Out of sheer happenstance and the kindness of friends, I had the recent pleasure of attending the taping of NPR’s “From the Top” at Hodgson Hall on the University of Georgia campus. The show, which was recorded live on Sunday, Feb. 27th, will be broadcast on March 22nd at 8:00 pm on WUGA 91.7 and 97.9 FM.

Hosted by the renowned concert pianist, Christopher O’Riley, “From the Top” is a national showcase for young, ultra-talented classical musicians. O’Riley leads the way with his experience (he was also a child prodigy) spotlighting brilliant instrumental soloists and often collaborating with the young virtuosi as they wow crowds across the country, week in and week out. Toss in a little banter with the kids, and the recipe becomes wholly entertaining, always full of emotional performances.

The first of the featured musicians was Arianna Smith (17 yrs.) on viola, who played a piece penned by her private teacher Paul Coletti, accompanied by Christopher O'Riley on a grand Steinway & Sons.  In a black formal evening gown, Ms. Smith looked -- and sounded -- the epitome of professionalism as she swayed emotively to the composition's gypsy rhythm.

A slight, lanky boy took the stage next and proceeded to mesmerize the crowd with his passionate piano playing, this time a  piece by Brahms.  Nicholas Allgeier, from North Carolina, waivered deftly on the bench as he brought some in the audience near to tears, his hands, arms and entire person emanating the soulful interpretation; it was a memorable performance with some impressive power, and all this from a 12 year old kid whose favorite pets are his chickens, he shared.

Sunday’s radio taping at UGA offered one (huge!) added bonus: the presence of flute master Sir James Galway, a man regarded by most, including host Christopher O’Riley, as the very best in the world. Galway’s duet with O’Riley on piano in the first third of the show was a telling highlight, with the bearded master commanding the crowd’s attention as he lithely sauntered through an allegro by Poulenc.
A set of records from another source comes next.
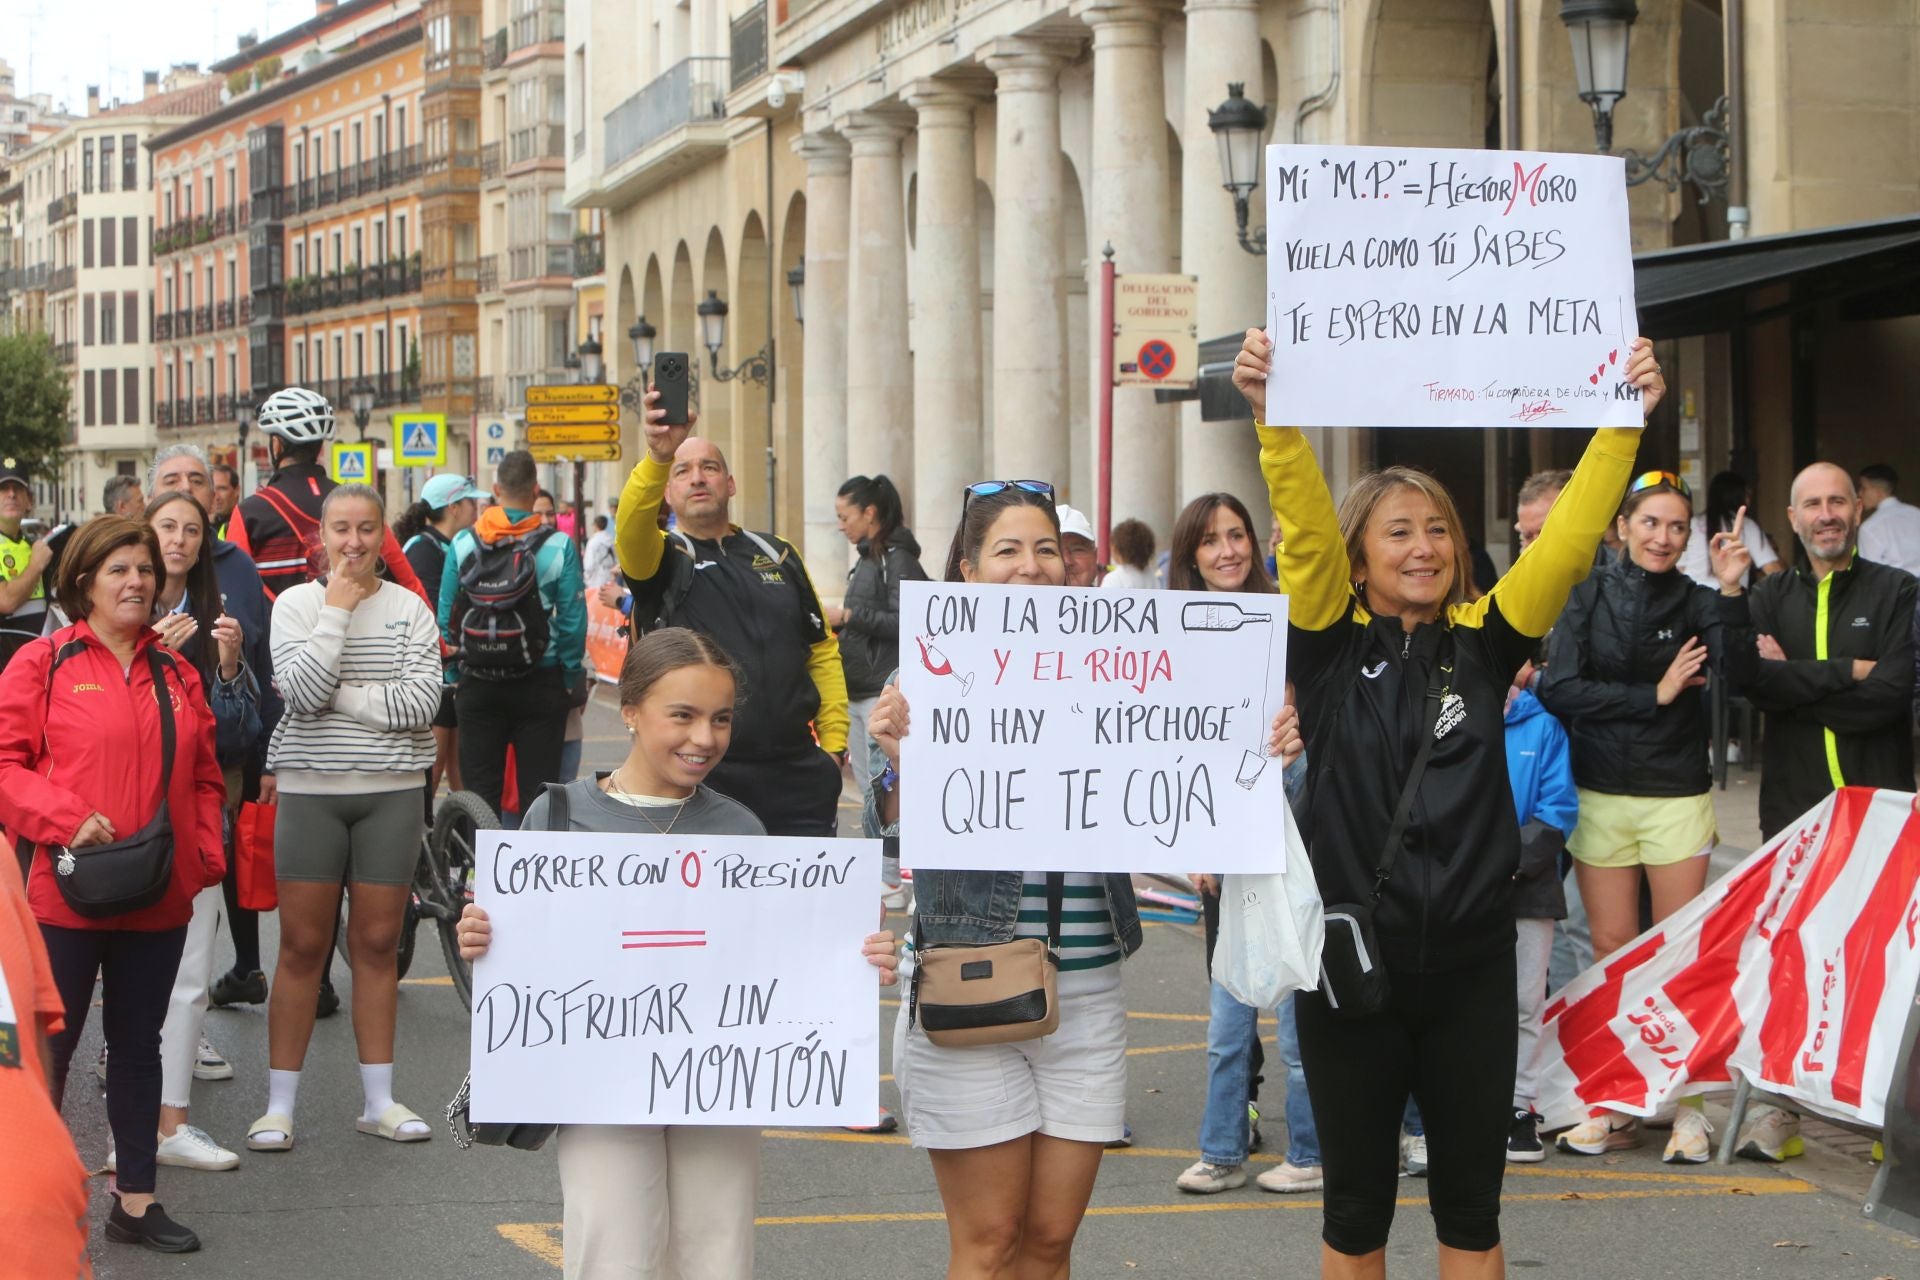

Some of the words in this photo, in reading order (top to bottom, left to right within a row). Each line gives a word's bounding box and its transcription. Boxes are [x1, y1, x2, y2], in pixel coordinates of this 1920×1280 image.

[1286, 238, 1356, 272] VUELA
[1363, 236, 1419, 269] COMO
[1447, 224, 1566, 281] SABES
[1128, 307, 1188, 317] GOBIERNO
[1147, 296, 1169, 306] DEL
[1327, 299, 1421, 346] ESPERO
[1431, 303, 1465, 336] EN
[1472, 303, 1508, 335] LA
[1557, 388, 1569, 398] DE
[1573, 384, 1597, 398] VIDA
[1615, 382, 1640, 401] KM
[926, 595, 979, 636] CON
[1002, 596, 1039, 636] LA
[993, 648, 1011, 685] Y
[1033, 651, 1073, 681] EL
[932, 707, 970, 744] NO
[991, 707, 1045, 744] HAY
[942, 767, 1027, 834] QUE
[1058, 768, 1101, 831] TE
[493, 842, 608, 894] CORRER
[617, 853, 669, 886] CON
[1651, 1005, 1677, 1034] sport
[648, 1030, 847, 1115] MONTÓN
His rotund gravitas notwithstanding, Sir James Galway seemed on the verge of lift-off by way of soaring glissandos, while simultaneously anchoring the sentiment of the Allegro malincolico with dark and husky, low-register musings.  The crowd's fervent applause verified that we were all aware of the presence of a great master of his art -- the man with the golden flute.  And he did a damn fine chicken impression, as well (tune in to WUGA for that)!
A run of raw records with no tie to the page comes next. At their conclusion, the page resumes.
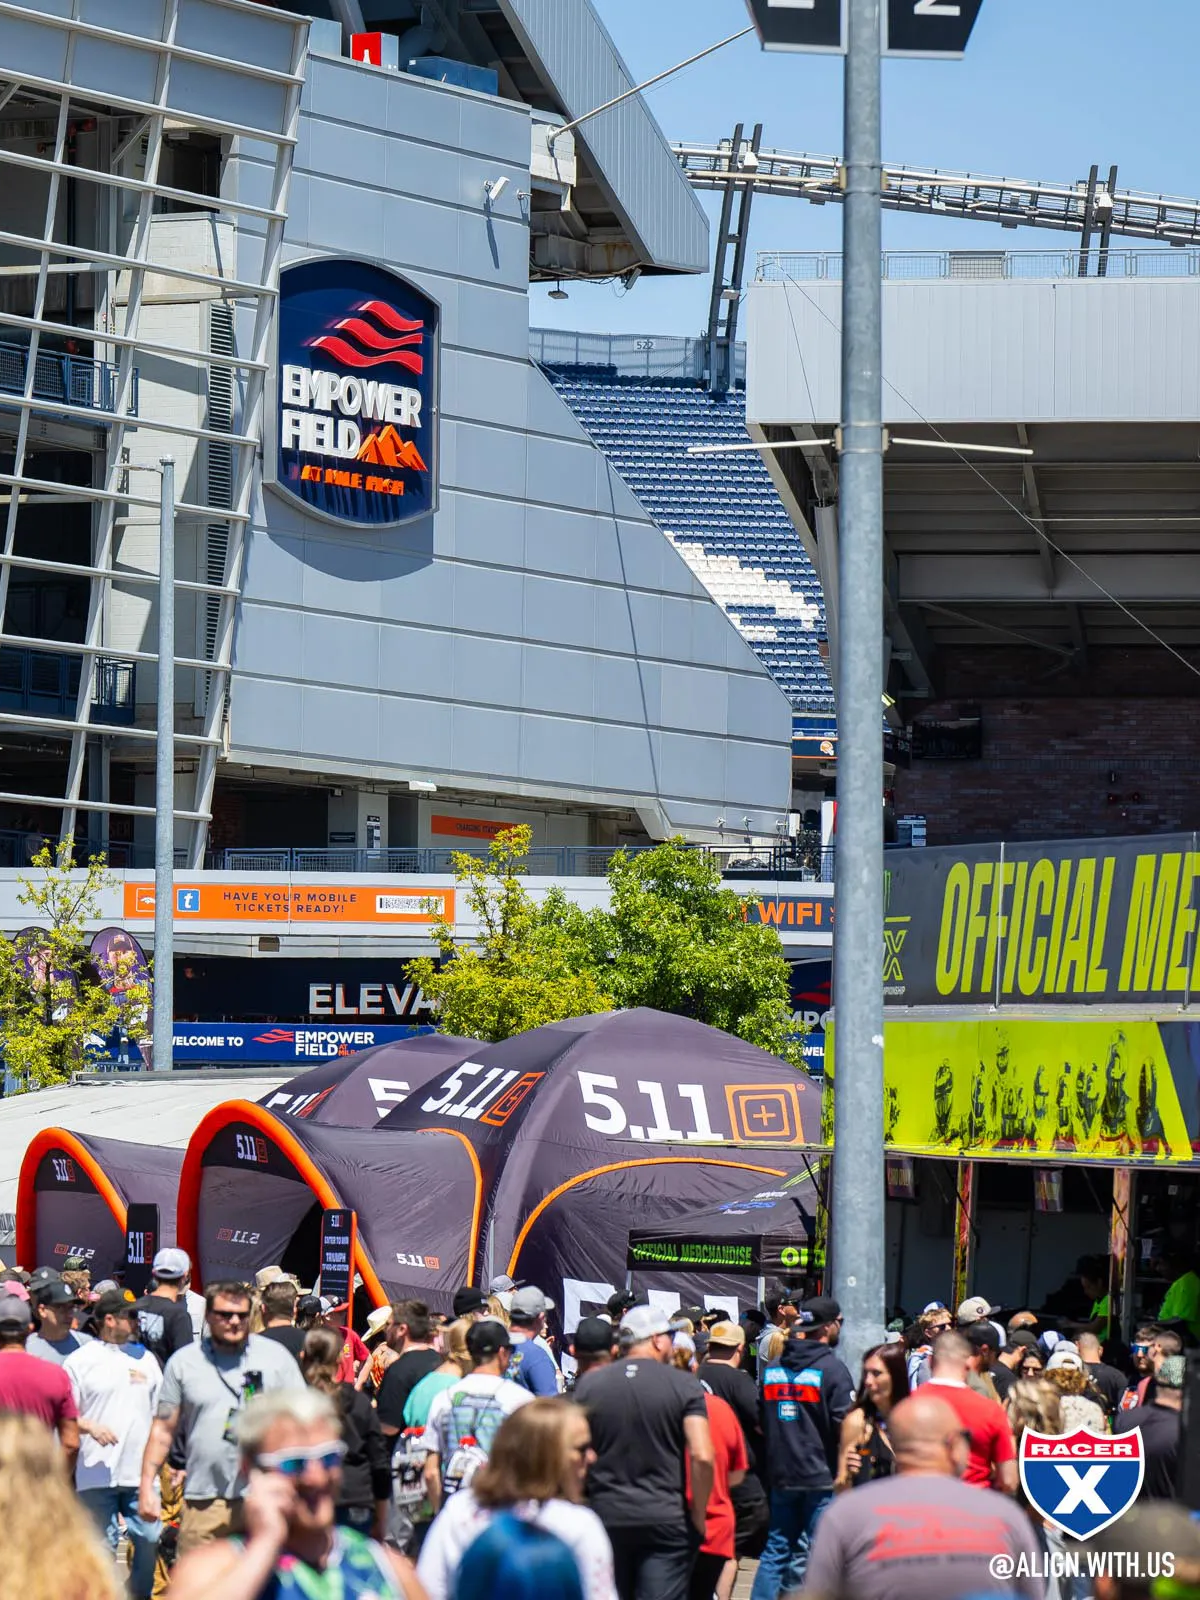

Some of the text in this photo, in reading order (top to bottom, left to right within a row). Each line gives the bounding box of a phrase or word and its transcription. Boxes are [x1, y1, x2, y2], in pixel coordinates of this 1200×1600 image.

[282, 364, 422, 428] EMPOWER
[281, 408, 361, 460] FIELD
[301, 464, 323, 482] AT
[324, 469, 363, 489] MILE
[223, 892, 357, 903] HAVE YOUR MOBILE
[235, 903, 345, 913] TICKETS READY!
[757, 901, 822, 926] WIFI
[935, 857, 1116, 996] OFFICIAL
[227, 1036, 244, 1047] TO
[295, 1031, 375, 1045] EMPOWER
[295, 1044, 339, 1057] FIELD
[420, 1061, 520, 1120] 5.11
[576, 1070, 725, 1141] 5.11
[236, 1134, 258, 1162] 5.11
[52, 1158, 68, 1183] 5.11
[127, 1231, 145, 1265] 5.11
[396, 1252, 425, 1269] 5.11
[632, 1242, 753, 1266] OFFICIAL MERCHANDISE
For a "halftime" treat, O'Riley professed his love for Athens' own R.E.M. and he did so with an interpretation -- rather freshly arranged -- of the pre-release track "It Happened Today" from the group's upcoming album Collapse Into Now.  It was a rumbling, glistening few minutes of intricate chords with a deceivingly simply melody floating atop plenty of roiling left-hand action.  This was a beautiful moment, a fleeting ode that O'Riley dedicated to R.E.M.'s advocate Bertis Downs.
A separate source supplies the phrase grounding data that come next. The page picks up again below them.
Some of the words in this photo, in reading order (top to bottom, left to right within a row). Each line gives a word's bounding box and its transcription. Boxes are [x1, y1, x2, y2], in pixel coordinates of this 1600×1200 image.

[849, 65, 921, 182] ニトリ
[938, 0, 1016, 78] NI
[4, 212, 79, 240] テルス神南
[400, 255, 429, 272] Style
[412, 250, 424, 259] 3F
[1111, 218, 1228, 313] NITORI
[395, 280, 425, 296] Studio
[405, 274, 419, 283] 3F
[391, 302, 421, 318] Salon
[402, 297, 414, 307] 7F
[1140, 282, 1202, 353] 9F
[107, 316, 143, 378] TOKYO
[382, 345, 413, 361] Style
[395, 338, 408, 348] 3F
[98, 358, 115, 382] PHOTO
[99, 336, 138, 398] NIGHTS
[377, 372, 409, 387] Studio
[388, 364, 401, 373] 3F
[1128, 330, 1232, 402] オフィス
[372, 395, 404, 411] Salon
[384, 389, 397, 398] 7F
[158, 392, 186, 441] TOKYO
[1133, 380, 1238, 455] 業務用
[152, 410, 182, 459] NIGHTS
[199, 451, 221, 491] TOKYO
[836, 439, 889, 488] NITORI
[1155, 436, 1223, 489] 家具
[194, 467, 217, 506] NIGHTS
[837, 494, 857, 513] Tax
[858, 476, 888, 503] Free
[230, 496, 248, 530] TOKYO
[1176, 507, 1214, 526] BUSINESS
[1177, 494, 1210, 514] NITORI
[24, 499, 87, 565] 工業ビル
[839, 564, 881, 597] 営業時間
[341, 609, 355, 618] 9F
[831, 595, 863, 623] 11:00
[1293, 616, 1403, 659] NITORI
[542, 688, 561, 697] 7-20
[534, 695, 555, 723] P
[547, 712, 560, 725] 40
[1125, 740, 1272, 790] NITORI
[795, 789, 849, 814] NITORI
Rounding out the program was a gorgeous piece of harp playing by Atlanta's own Angelica Hairston (18 yrs.) a "Jack Kent Cooke Young Artist".  Her hands where as lively and precise as any classical guitarist, and her artistry absolutely charmed all in attendance. 

The last piece of music was a trio led by Sir James Galway, which included the young Ms. Smith again on viola, as well as an award-winning violinist from San Franscisco, Kenneth Renshaw.  Their rendition of an Adagio - Allegro Vivace Disinvolto by Beethoven was sinuous yet energetic, and featured some sophisticated interplay between the teenaged string players, all while Sir James, with his immpecable flute, used his grandfatherly musical arms to embrace and guide the young talents; the crowd erupted in deafening applause that lasted and lasted until the musicians finally cleared the stage at Hodgson Hall. 

Find the full program notes at fromthetop.org and be sure to tune in to WUGA on Tuesday night, March 22nd, to hear the show.  These NPR programs are well worth their funding -- don't forget to tell your member of Congress if you agree.